Change may be the only constant in the past three years. Most of us have found it difficult to live in a period of continuing noticeable change.  We say we like change – but mostly we like change we can control.  Research shows many people are suffering from mental health issues, driven in many cases by the lack of control individuals felt over their lives. Business owners are at very high risk of burnout. Employees are rethinking their work and career choices. Besides reminding my readers to care a bit extra for themselves now, here is some info to help.

An American Psychological Association 2022 study indicates that workers want more mental health support at work. Workers define this in many ways: respect for time off, flexible hours, remote and hybrid work options, four-day work week, and more support from their managers for their needs.

Many organizations in the Metro DC area (and across the country) are looking at wellness programs.
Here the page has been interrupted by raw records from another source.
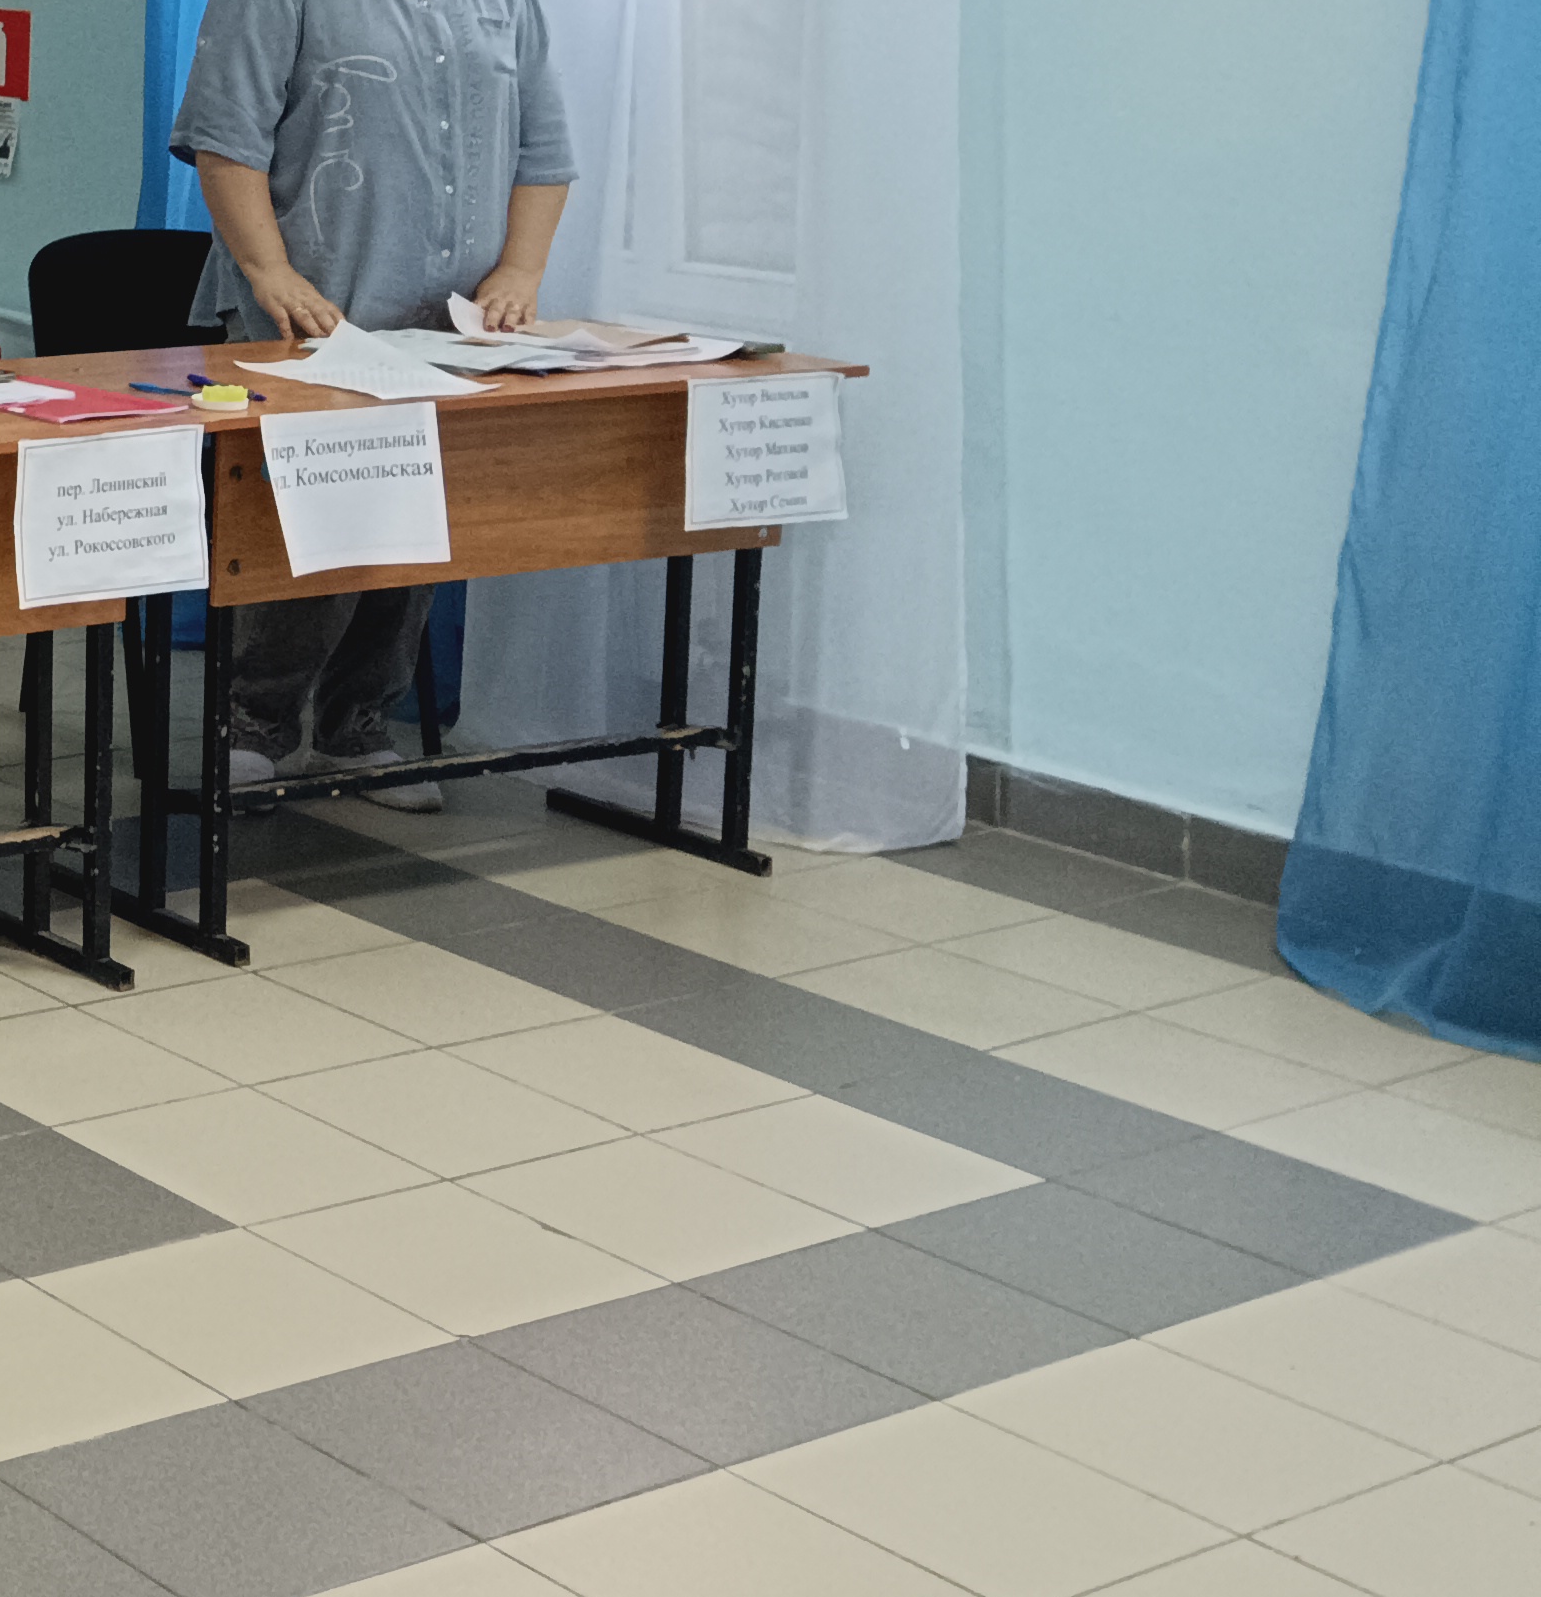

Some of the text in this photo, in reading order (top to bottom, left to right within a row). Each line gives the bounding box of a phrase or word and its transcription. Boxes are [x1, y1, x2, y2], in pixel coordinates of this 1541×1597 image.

[271, 429, 426, 463] пер. Коммунальный
[57, 472, 167, 499] пер. Ленинский
[296, 461, 433, 487] Комсомольская
[57, 505, 168, 531] ул. Набережная
[49, 531, 175, 561] ул. Рокоссовского
These include a pretty wide range of things:

  • If you offer health insurance, be sure employees know the mental health coverage which is included.
  • Employee Assistance Programs (EAP) can be purchased separately – they offer assistance, counseling information, and support via telehealth or telephone.
  • Organizations are now offering complete closures for a full week – usually between Christmas and New Years as paid leave.
  • Some add 1-3 ‘mental health days’  to paid time off programs or are trying 4.5 day workweeks all year long instead of summers only.
  • Some provide information for validated on-line training programs related to mental health.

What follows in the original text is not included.